Members of Prospect union in the Science Museum group have been on strike over wages, with minimum hourly rates falling significantly below the real living wage whilst directors’ salaries have grown substantially. Socialist Appeal pledges solidarity!

Prospect union members in the Science Museum group have taken industrial action during August after they received a pay offer below the rate of inflation earlier this year. Since 2010, the staff have suffered a 13% pay cut in real terms. 

The minimum hourly rate currently received is significantly below the real living wage. The lowest paid workers outside London earn £8.70 per hour. In London, the lowest paid earn £10.17. The real living wage in these areas are £9.00 and £10.55 respectively. 

Compounded by increasing pressures on working conditions, this has triggered a strike ballot in which a massive 95% voted for industrial action short of a strike. 79% voted in favour of strike action. The dispute involves science museums in Manchester, London, Bradford, York and Wiltshire.

Manchester Socialist Appeal activists attended the picket at the Museum of Science and Industry (MOSI) in solidarity, and spoke to an organising member of staff, who said:

“The reason we are picketing today is to send a message to SMG that it does need to pay us a real salary, that allows us to continue the job that we love to do. Everyone I work with absolutely adores their job. But if things keep going like they are, they are going to be unable to continue to do so, and therefore the quality of the service that we provide, in terms of education and taking care of these fantastic buildings, over time is going to decrease, simply because we are going to be unable to do the jobs we love.” 

“There has been a decrease in staff welfare and facilities.
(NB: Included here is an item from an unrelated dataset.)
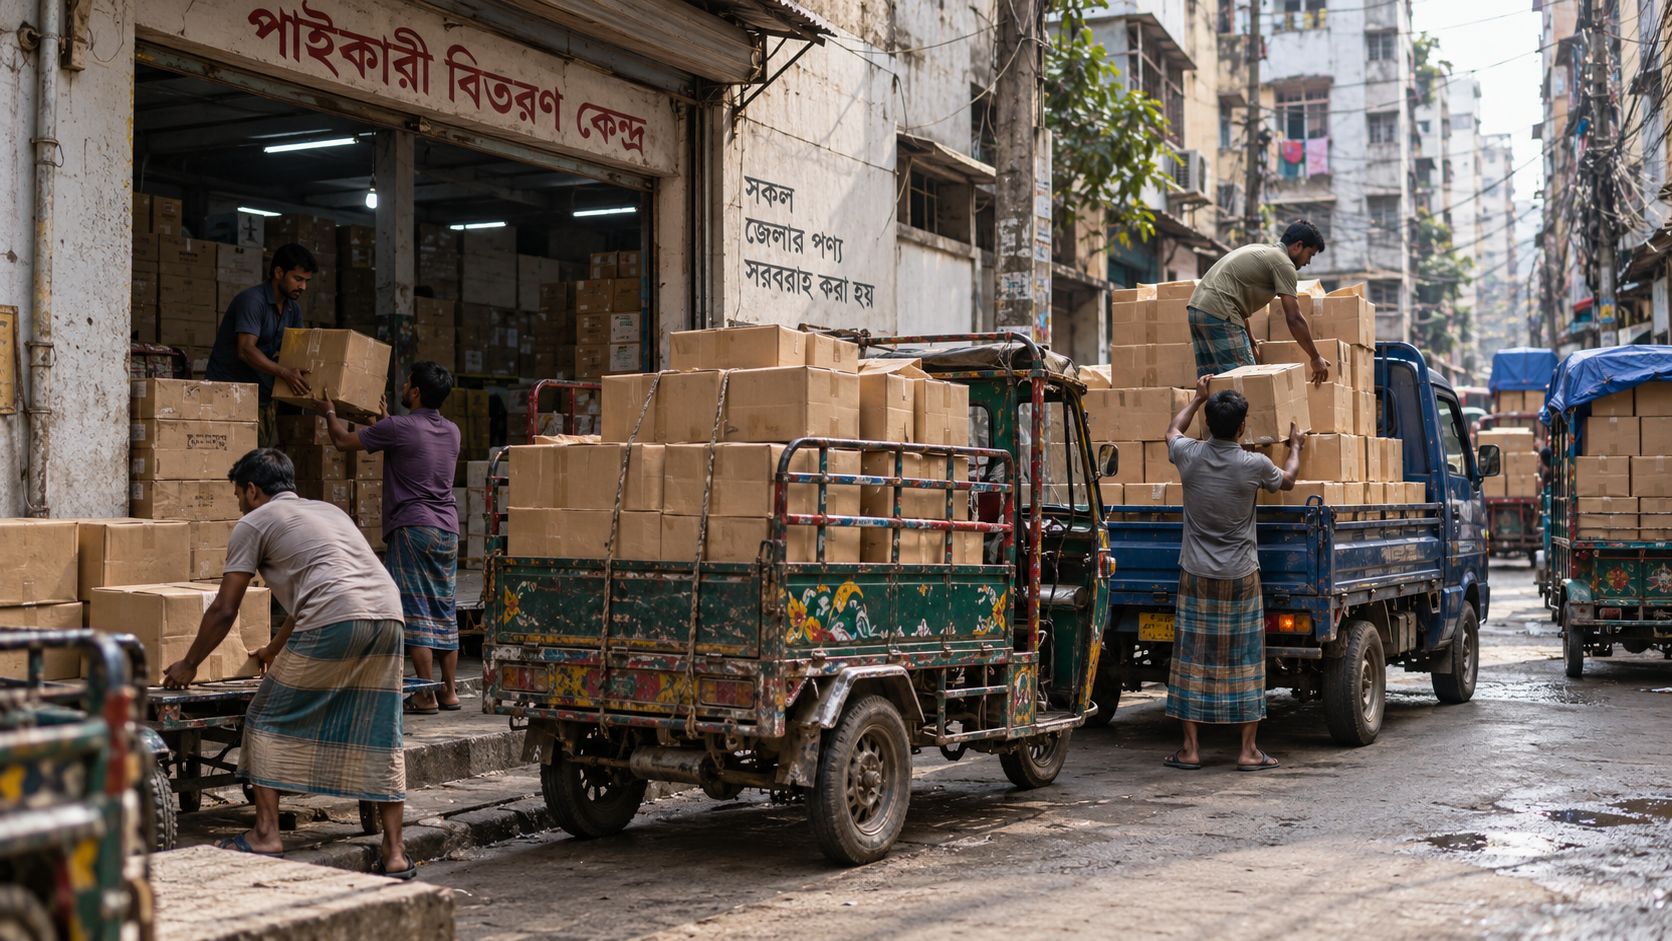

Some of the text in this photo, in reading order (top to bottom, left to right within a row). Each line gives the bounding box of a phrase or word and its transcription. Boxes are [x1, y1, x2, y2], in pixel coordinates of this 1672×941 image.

[248, 0, 647, 155] পাইকারী বিতরণ কেন্দ্র
[744, 175, 795, 214] সকল
[745, 217, 843, 264] জেলার পণ্য
[744, 259, 875, 309] সরবরাহ করা হয়
Jobs are unfilled for a long time, which has meant that other members of staff have had to take on other responsibilities and extra roles, and therefore have been stretched thinner than ever. As a result, the quality of the service we provide, not just to the public but to teachers and all the people that come in and engage with the museum, is decreasing over time.” 

Gap widens

Members of staff told us that management had placed enormous pressure on them, for example to work through their allotted lunch break, and that they are some of the lowest paid workers in the museum sector. Meanwhile, senior management salary growth has vastly outstripped that of ordinary staff. 
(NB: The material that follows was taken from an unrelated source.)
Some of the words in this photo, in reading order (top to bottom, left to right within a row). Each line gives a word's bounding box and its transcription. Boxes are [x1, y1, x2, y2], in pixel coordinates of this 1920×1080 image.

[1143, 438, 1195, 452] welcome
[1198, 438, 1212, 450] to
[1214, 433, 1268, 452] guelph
Between 2014-2018, the average full-time salary at SMG grew by just 1.6% per year. In the same time period the director’s salary grew by 5.5%, with additional annual bonuses worth more than many workers earn in a year. Eight senior managers now earn over £100,000, compared to four in 2014.

The staff, who carry out the vital work of the museum, enjoy no such luxury.

“To be able to continue to do the job we love, we need to be paid fairly, and that means being paid in line with inflation. To match inflation, realistically we are asking for another 1%, which isn’t very much.”

SMG operates as a charity, and the MOSI provides an important public service to the people of Manchester, yet that doesn’t protect it from economic slump, austerity, and attacks on workers.

Workers’ unity

Alongside Prospect, other staff at SMG are part of Unison. We were told that “there is strong support from all members of staff here”. They aim to work together. 

“If one union is able to do something the other is not, see how one union can support the other. We have support from Unison here. This is a peaceful protest as we understand that many members of staff would like to protest but potentially can’t.” 

The important thing for all workers facing such attacks is unity. “Make sure you have a strong union that is able to fight for what you want and your welfare,” the strike organiser said. “The larger presence you have, the easier things get.”

If further negotiation with management “doesn’t get the result we are hoping for,”' they stated this “would then mean further strike action in future.” 

Socialist Appeal pledges solidarity to the museum staff in their ongoing struggle! As workers feel the screws of capitalist crisis tightening and industrial action continues to gather pace, we say: Power to the workers! Fight for socialism!